Sementara itu, mayoritas bursa Asia juga berhasil mencatatkan kenaikan. Indeks TWSE berhasil menguat cukup signifikan ke level 1.50% ke level 8,419.42, indeks Nikkei melaju 1.22% ke level 1,650.45. Sementara indeks Shnghai ditutup melemah tipis 0.06% ke level 3,604.80.
Akhir perdagangan semalam Bursa Wall Street ditutup bervariasi dengan keenderungan flat. Indeks Dow Jones naik tipis 0.04% ke level 17,489.5, Nasdaq naik 0,03% ke level 4,986.02, sementara indeks S&P 500 melemah 0.13% ke level 2,050.44. Salah satu faktor penghambat pergerakan indeks Bursa AS disebabkan oleh kembali jatuhnya harga Nymex oil, yang turun -2.64% ke level $40-an per barel. Selain itu, rilisnya data industrial production bulan Oktober yang kembali turun 0.2%(MoM), menghancurkan harapan pelaku pasar, dimana ekspektasi ekonom naik 0.1%(MoM).
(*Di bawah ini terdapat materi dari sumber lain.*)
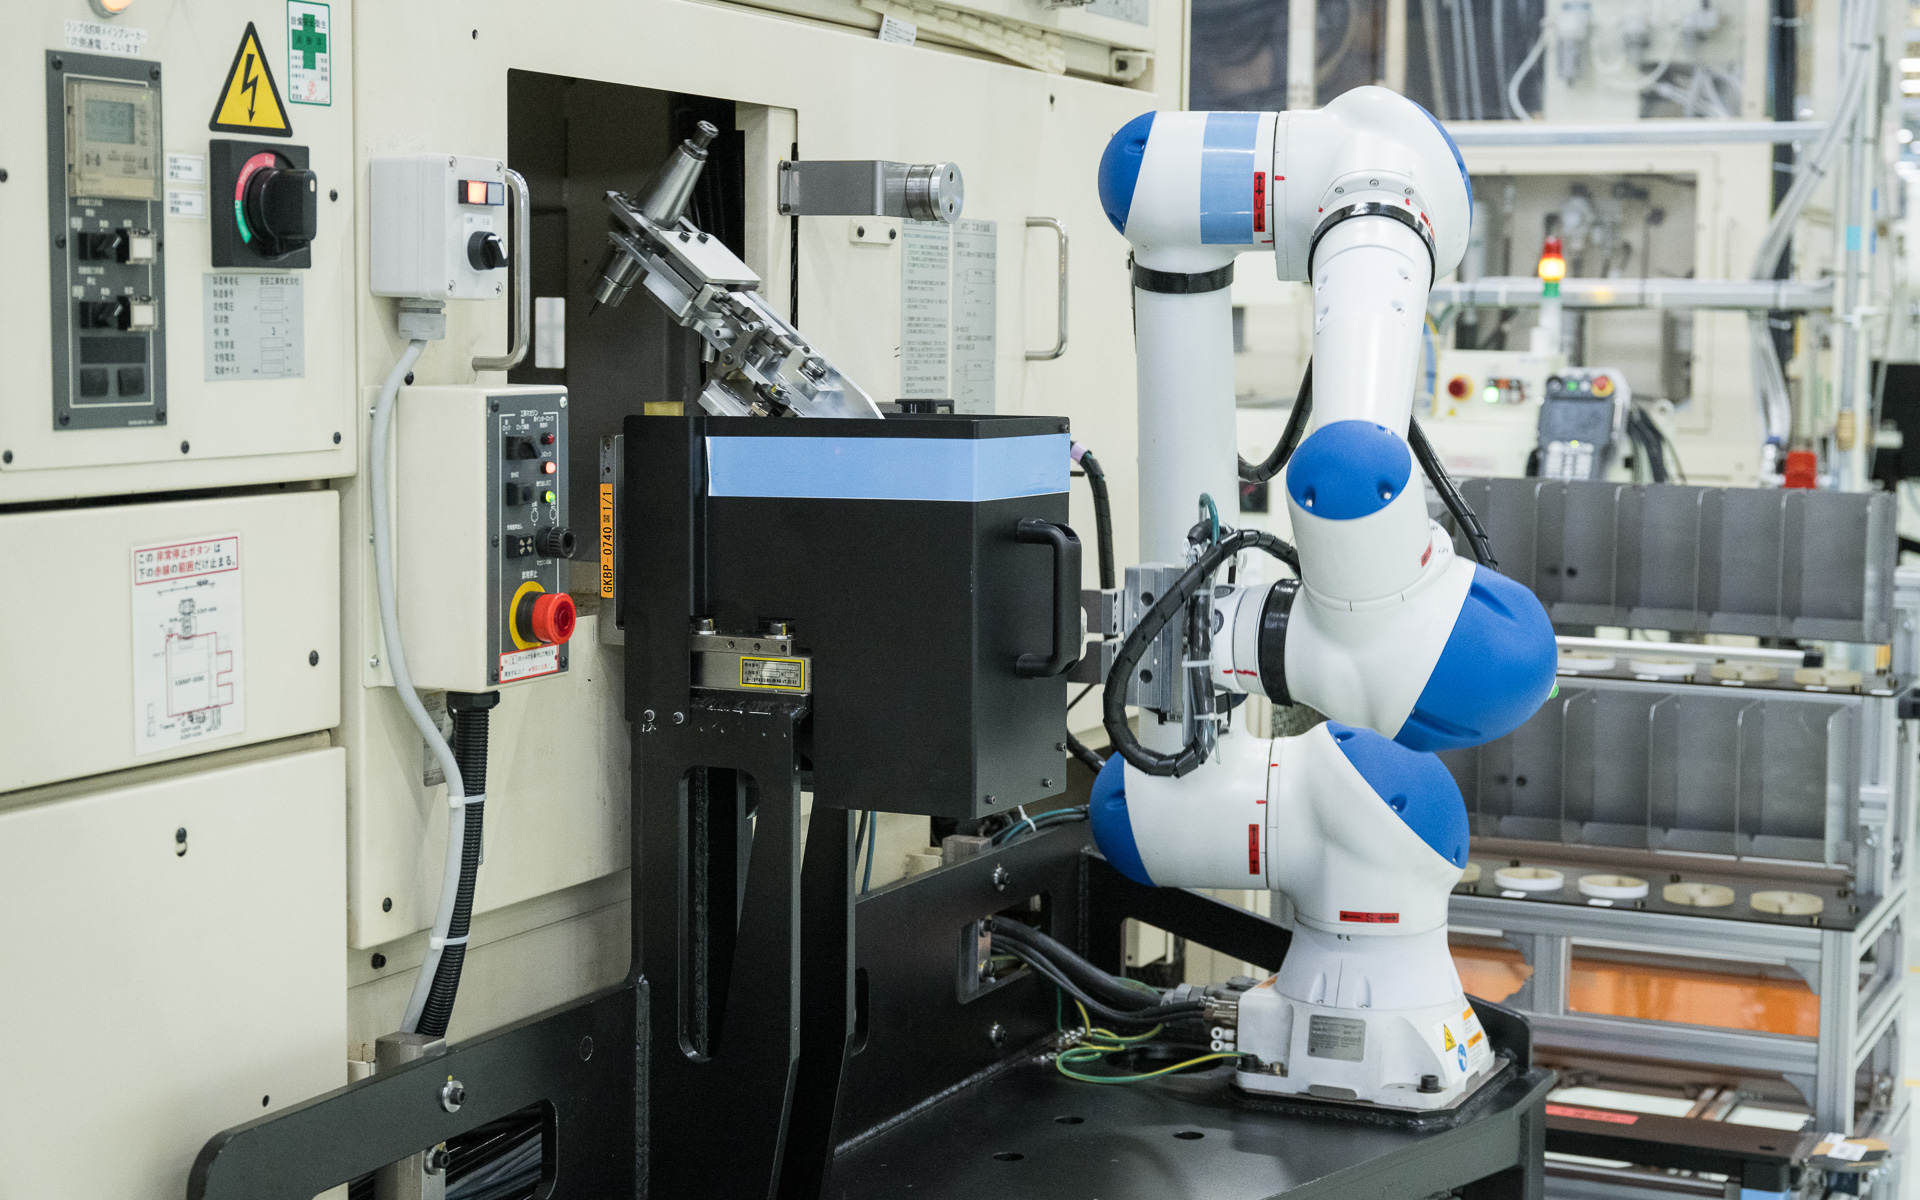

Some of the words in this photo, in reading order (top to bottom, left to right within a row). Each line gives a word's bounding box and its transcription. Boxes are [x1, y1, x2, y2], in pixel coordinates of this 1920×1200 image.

Selain itu, inflasi bulan Oktober yang masih betah di posisi 0.2% (MoM), juga mengindikasikan belum terjadinya pembaikan daya beli masyarakat.
SCROLL TO CONTINUE WITH CONTENT
Kami perkirakan IHSG akan bergerak menguat pasca rilisnya BI Rate. Secara teknikal indikator stochastic oscilator bullish, yang didukung oleh histogram MACD yang positif. Selain itu MFI menguat, sementara RSI masih melamah. Kami memprediksikan IHSG akan bergerak di kisaran 4455-4545.